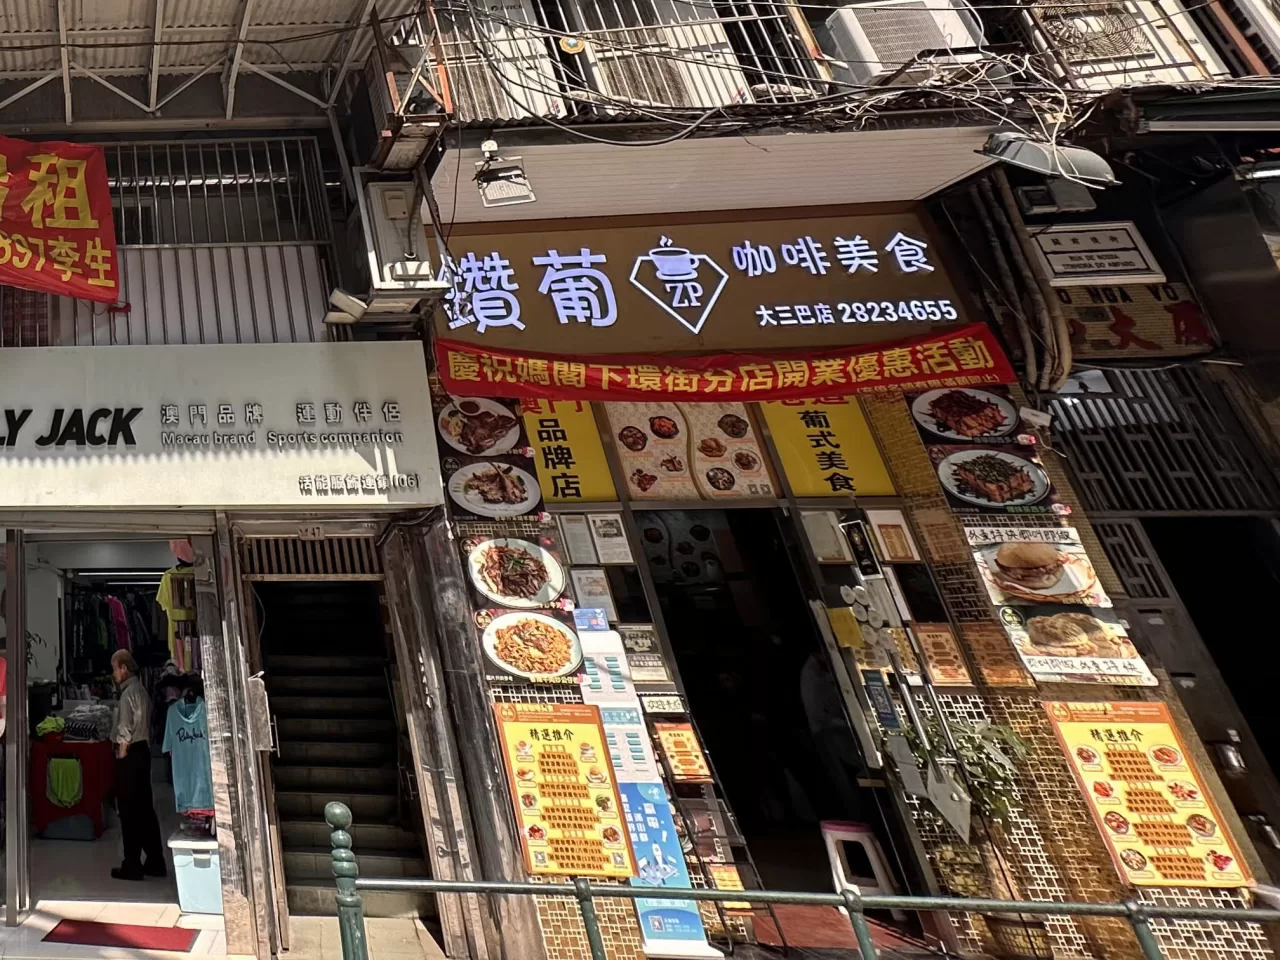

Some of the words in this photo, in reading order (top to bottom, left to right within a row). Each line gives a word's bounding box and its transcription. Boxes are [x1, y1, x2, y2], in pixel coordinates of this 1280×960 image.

[732, 231, 935, 277] 咖啡美食
[665, 282, 703, 307] ZP
[756, 304, 835, 326] 大三巴店
[837, 300, 958, 324] 28234655
[448, 336, 995, 393] 慶祝媽閣下環街分店開業優惠活動
[35, 408, 144, 446] JACK
[161, 404, 264, 425] 澳門品牌
[297, 402, 401, 424] 運動伴侶
[162, 432, 209, 445] Macau
[214, 431, 256, 444] brand
[267, 431, 317, 447] Sports
[321, 430, 404, 446] companion
[797, 410, 856, 492] 葡式美食
[537, 418, 582, 498] 品牌店

* _What you will do_
Word for word, return the material above, but drop the pictures.

* _Task result_
Some of the words in this photo, in reading order (top to bottom, left to right within a row). Each line gives a word's bounding box and its transcription. Boxes are [x1, y1, x2, y2], in pixel coordinates of this 1280×960 image.

[732, 231, 935, 277] 咖啡美食
[665, 282, 703, 307] ZP
[756, 304, 835, 326] 大三巴店
[837, 300, 958, 324] 28234655
[448, 336, 995, 393] 慶祝媽閣下環街分店開業優惠活動
[35, 408, 144, 446] JACK
[161, 404, 264, 425] 澳門品牌
[297, 402, 401, 424] 運動伴侶
[162, 432, 209, 445] Macau
[214, 431, 256, 444] brand
[267, 431, 317, 447] Sports
[321, 430, 404, 446] companion
[797, 410, 856, 492] 葡式美食
[537, 418, 582, 498] 品牌店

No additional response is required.